Let's look at our file names and define some important variables

In [40]:
################################################################################
input_pixels = 512
cnn_pixels = 512 
colors = 4
################################################################################

Load in each image and stack them in an array

In [41]:
# from skimage.transform import resize
# from keras.applications.imagenet_utils import preprocess_input, decode_predictions
# ##################################################################################################
# fpath = []
# for image_id in np.array(train_labels['Id']):
#     path = "../Data/train/"+ image_id
#     fpath.append(path)

# X = np.empty(shape=(len(train_labels['Id']),cnn_pixels,cnn_pixels,colors), dtype=np.uint8)

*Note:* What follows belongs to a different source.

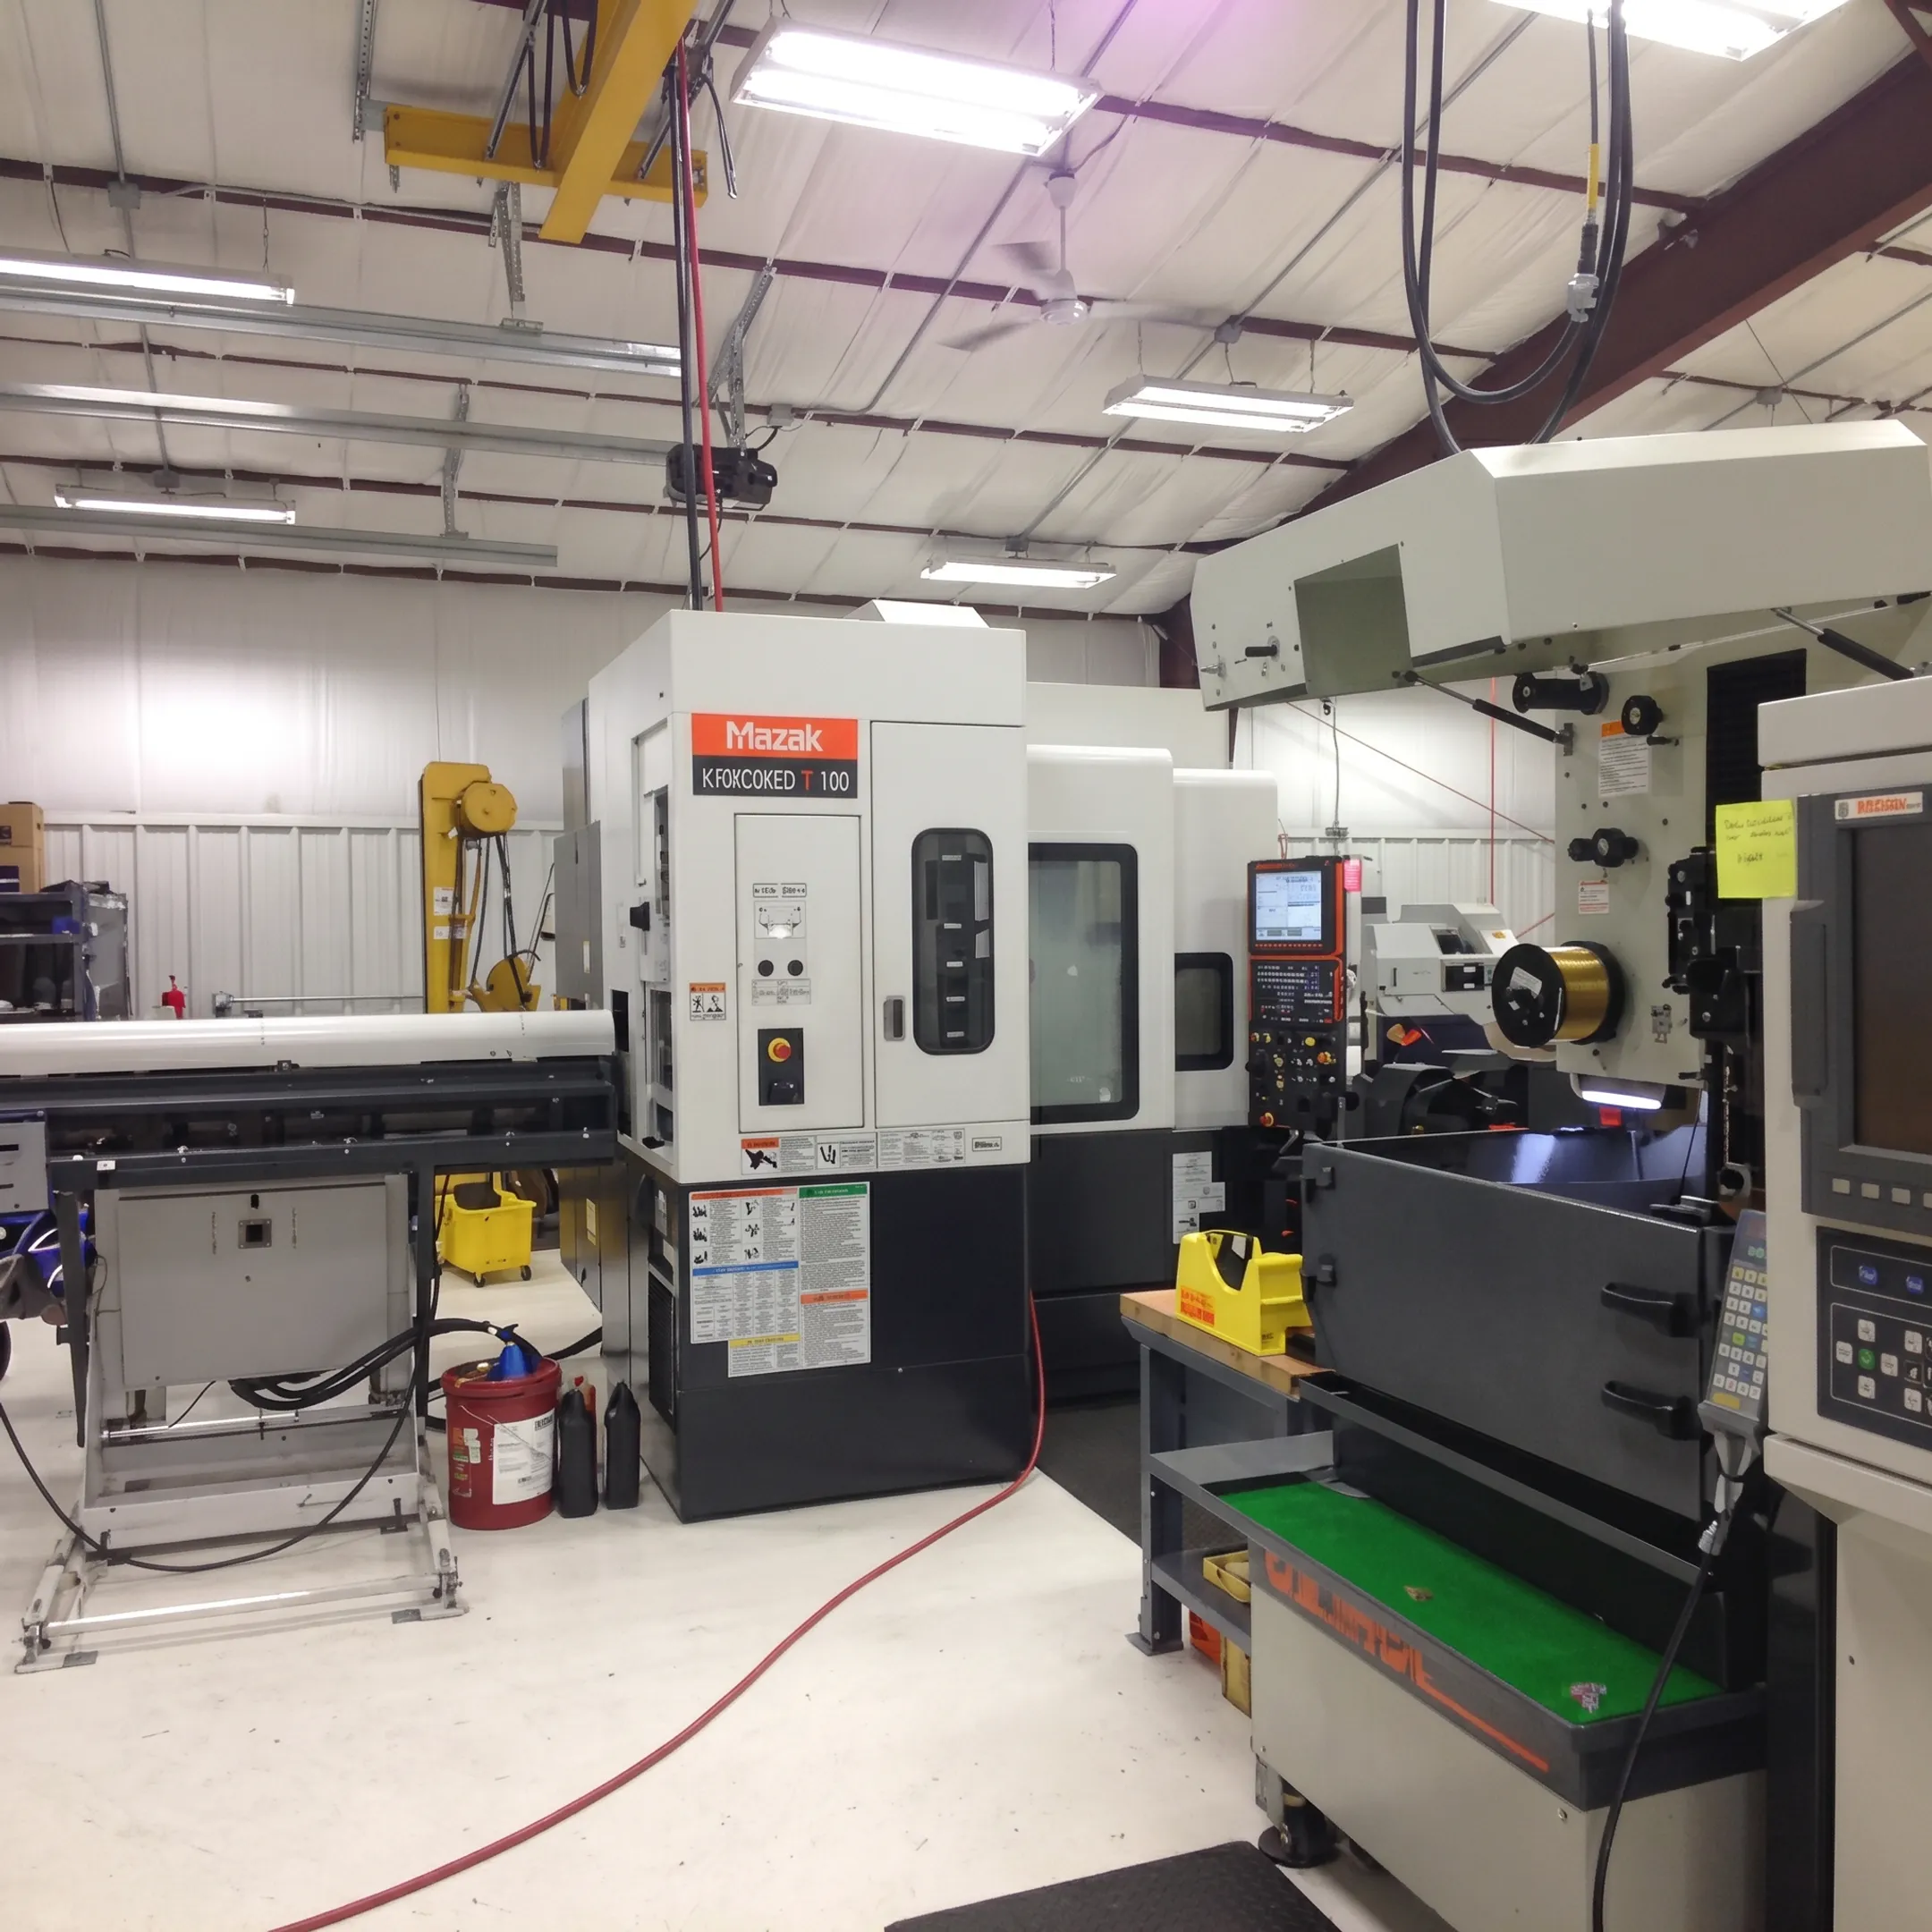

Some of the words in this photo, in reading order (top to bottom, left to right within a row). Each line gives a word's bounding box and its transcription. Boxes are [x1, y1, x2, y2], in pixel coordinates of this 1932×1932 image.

# for i, fpath in enumerate(fpath):
#     images = np.zeros(shape=(input_pixels,input_pixels,colors))
#     images[:,:,0] = imread(fpath + "_green" + ".png")
#     images[:,:,1] = imread(fpath + "_red" + ".png")
#     images[:,:,2] = imread(fpath + "_blue" + ".png")
#     images[:,:,3] = imread(fpath + "_yellow" + ".png")
#     images = resize(images, (cnn_pixels, cnn_pixels, colors), preserve_range=True).astype(np.float32)
#     images = preprocess_input(images)
#     X[i, ...] = images

In [42]:
# from os import listdir

# # SAVE
# ##################################################################################################
# import tables
# h5file = tables.open_file('Generated_Files/4d_image_data_512.h5', mode='w', title="3d_image_data")
# root = h5file.root
# h5file.create_array(root, "image_data_rgby", X)
# h5file.close()

# # OPEN
# ##################################################################################################
X = np.empty(shape=(len(train_labels['Id']),cnn_pixels,cnn_pixels,colors), dtype=np.uint8)
import tables
hdf5_file = tables.open_file('Generated_Files/4d_image_data_512.h5', mode='r')
X[:,:,:,:] = np.array(hdf5_file.root.image_data_rgby)
hdf5_file.close()

### Single Label, 2 Categories

In [37]:
# X_s_train_2cat = np.array([X[i] for i in train_s_indexes_2cat])
X_s_test_2cat = np.empty(shape=(len(y_s_test_2cat),cnn_pixels,cnn_pixels,colors), dtype=np.uint8)
X_s_test_2cat = np.array([X[i] for i in test_s_indexes_2cat])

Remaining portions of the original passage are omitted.